I regard all that as unmitigated nonsense and reject entirely your claim that there is an agreed consensus about the connotations of “sexual orienation”. I will stick with Shakespeare, Hobbes and Lewis Carroll.

What did Shakespeare, Hobbes and Lewis Carroll mean by “sexual orientation”, then?

I have to say that I have no problem with what Hobbes said; but you are either suffering from Dunning-Krueger syndrome, or are quite deliberately taking the mickey. You can only “reckon by” something which has an agreed value. Your proposed value is inconsistent with every other usage of “sexual orientation” of which I am aware.

I note you still have no reasoned explanation of your odd usage of “sexual orientation”; nor provided any proposal for the form of polygamous marriage that you are so desperate to see enacted into law, or the legal resolutions of the problems I have raised.
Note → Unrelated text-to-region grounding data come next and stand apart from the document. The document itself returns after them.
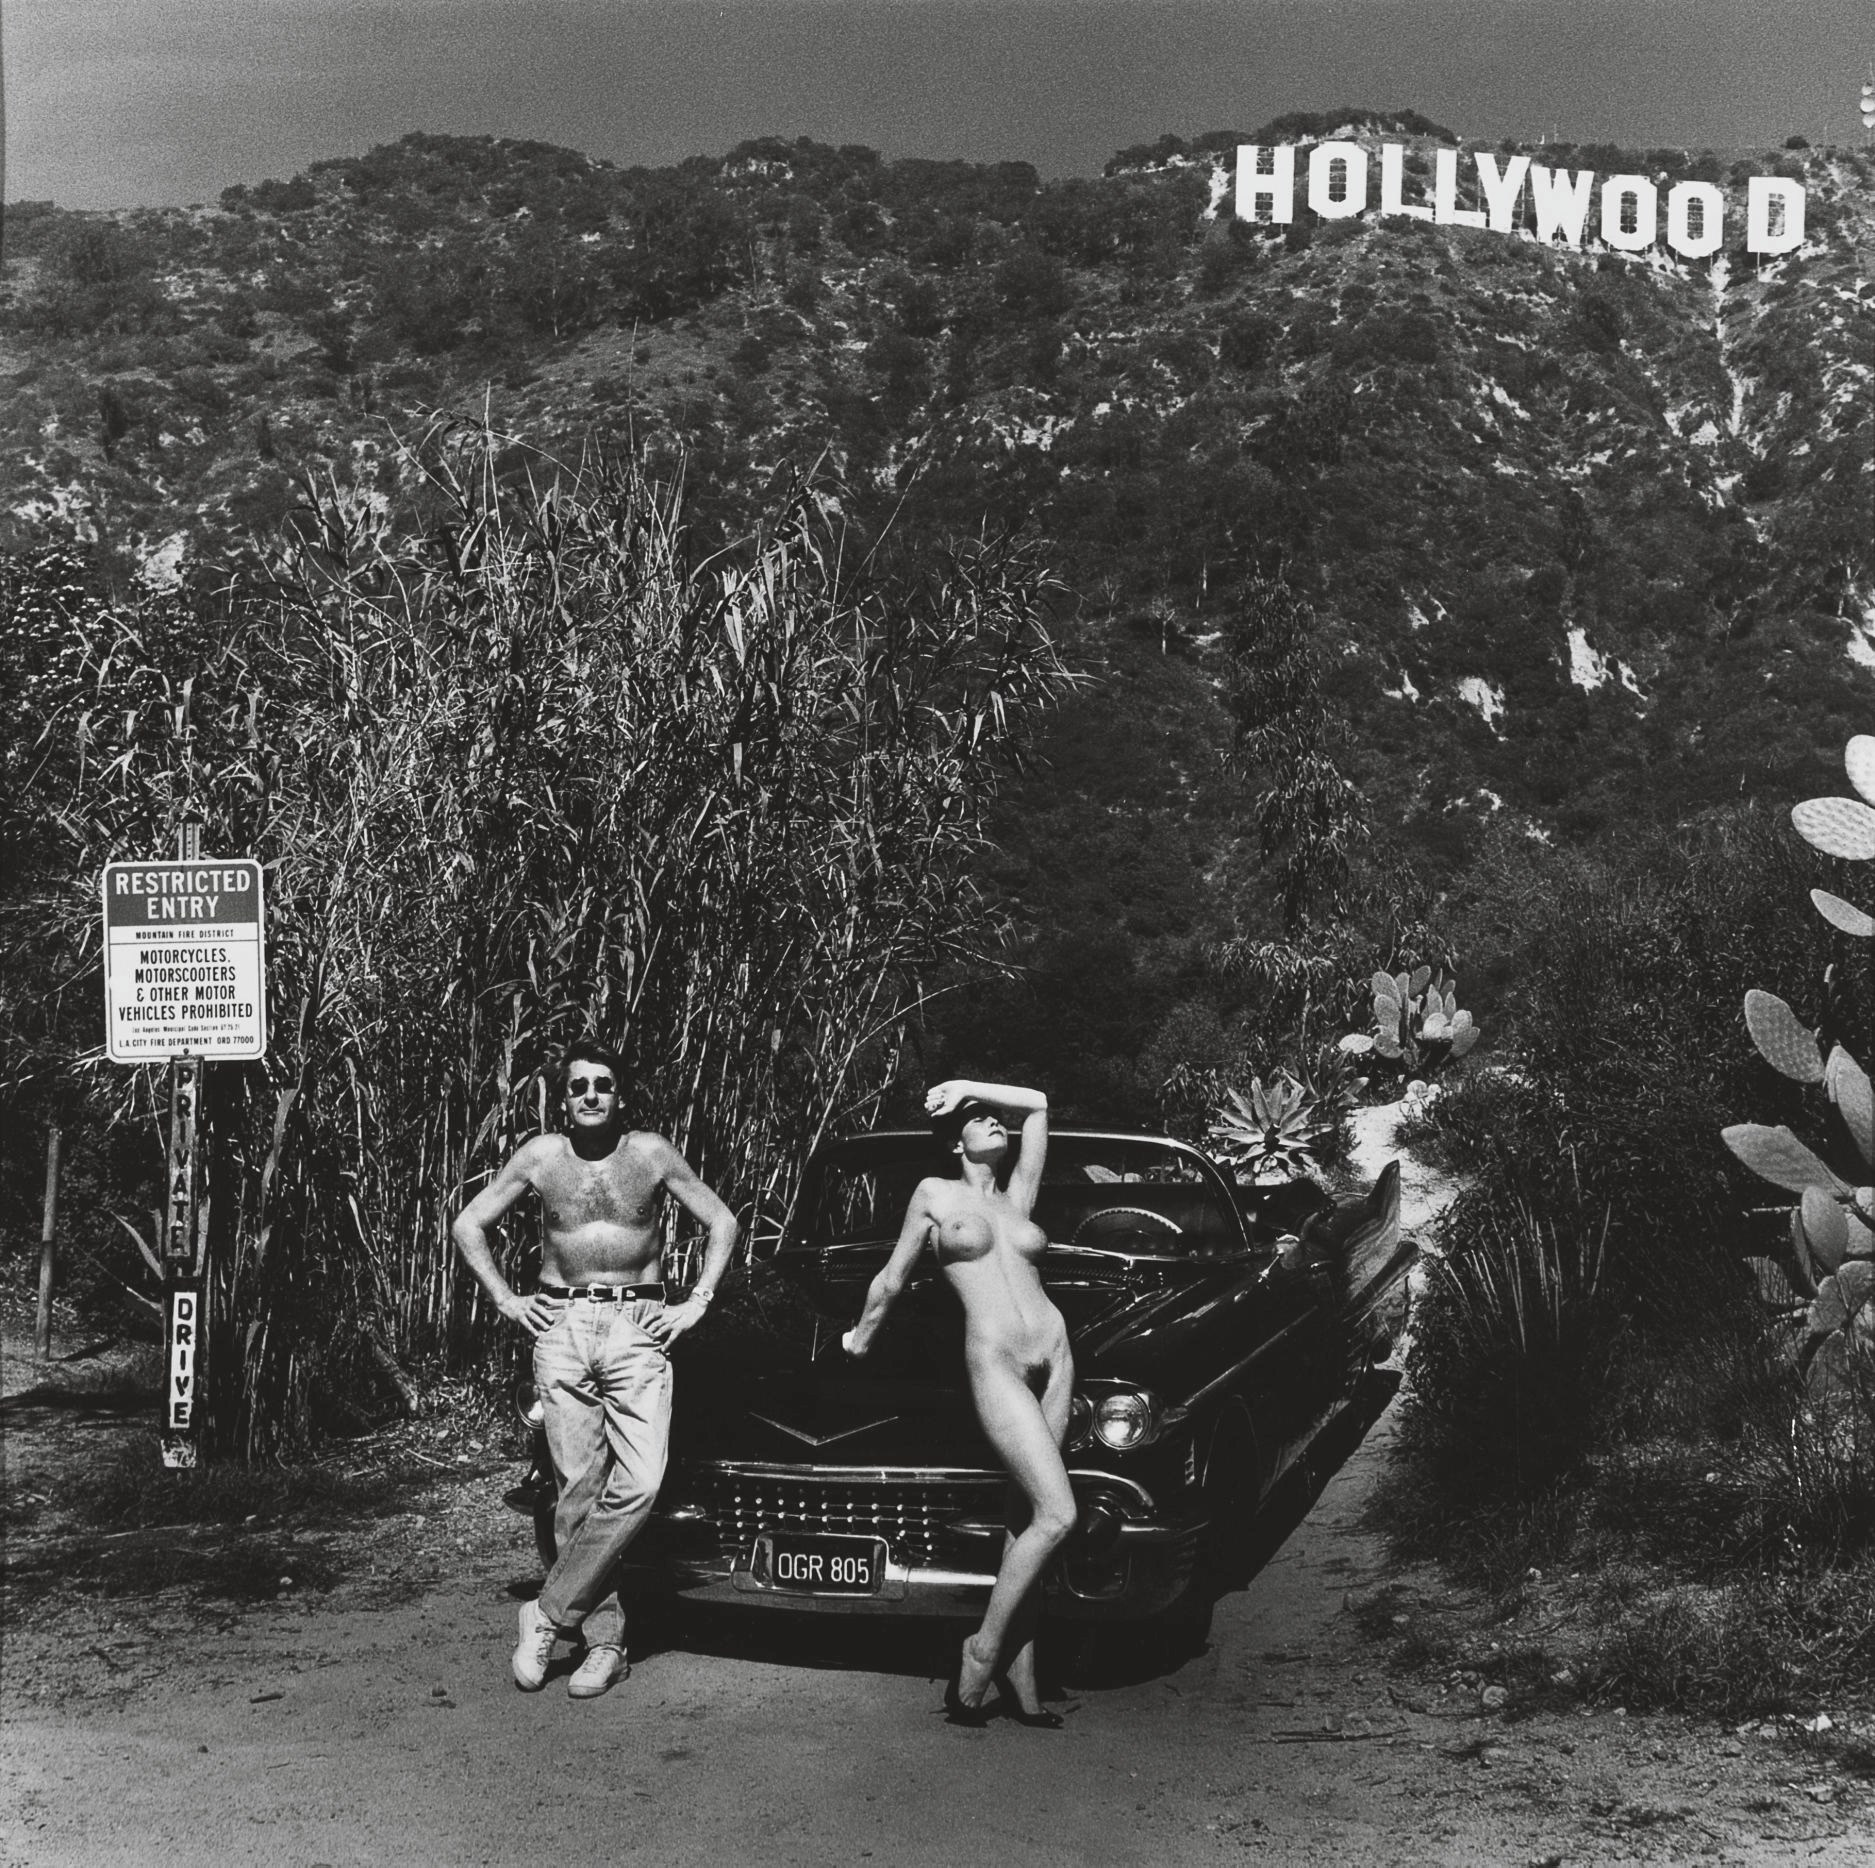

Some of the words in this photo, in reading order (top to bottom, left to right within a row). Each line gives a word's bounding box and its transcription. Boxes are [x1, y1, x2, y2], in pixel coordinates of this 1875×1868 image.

[1236, 142, 1805, 258] HOLLYWOOD
[115, 870, 250, 895] RESTRICTED
[147, 895, 219, 919] ENTRY
[135, 931, 174, 940] MOUNTAIN
[178, 931, 195, 939] FIRE
[200, 929, 234, 938] DISTRICT
[135, 966, 236, 983] MOTORSCOOTERS
[136, 988, 144, 1002] &
[150, 987, 189, 1002] OTHER
[195, 985, 236, 1000] MOTOR
[119, 1005, 176, 1021] VEHICLES
[181, 1003, 253, 1019] PROHIBITED
[132, 1039, 147, 1047] CITY
[150, 1038, 165, 1046] FIRE
[168, 1037, 212, 1045] DEPARTMENT
[233, 1036, 254, 1044] 77000
[171, 1066, 193, 1250] PRIVATE
[174, 1298, 193, 1424] DRIVE
[778, 1553, 823, 1581] OGR
[830, 1557, 869, 1584] 805
Robin: “Your proposed value is inconsistent with every other usage of “sexual orientation” of which I am aware.”

I don’t accept your dogmatic claim as to the meaning of “sexual orientation” and what that includes or excludes and regard as entirely absurd your argument that tolerance towards polygamous and polyandrous unions and BDSM and cuckolding fetishists should hang on the meaning attributed to “sexual orientation”.

What matters in this is what JS Mill wrote – see quote and link @220.

I don’t have this inclination to seek to control the sex lives of others providing they inflict no harm on others – regardless of what “sexual orientation” may or may not mean.

Humpty-Dumpty seems like as good a guide as any in this debate.

226. Robin Levett

Okay Bob B. Please answer one question that you’ve been avoiding all the time. What stops BDSM couples from marrying? I’m aware of nothing.

@224 I think you are (deliberately) confusing ‘marriage’ with ‘sex’ bob, one is the formal recognition of a relationship, the other is what two or more people do with their naughty bits with one another. Aside from the notable exceptions of sex in public, underage sex, and paid sex, the latter is not ‘controlled’ in any way.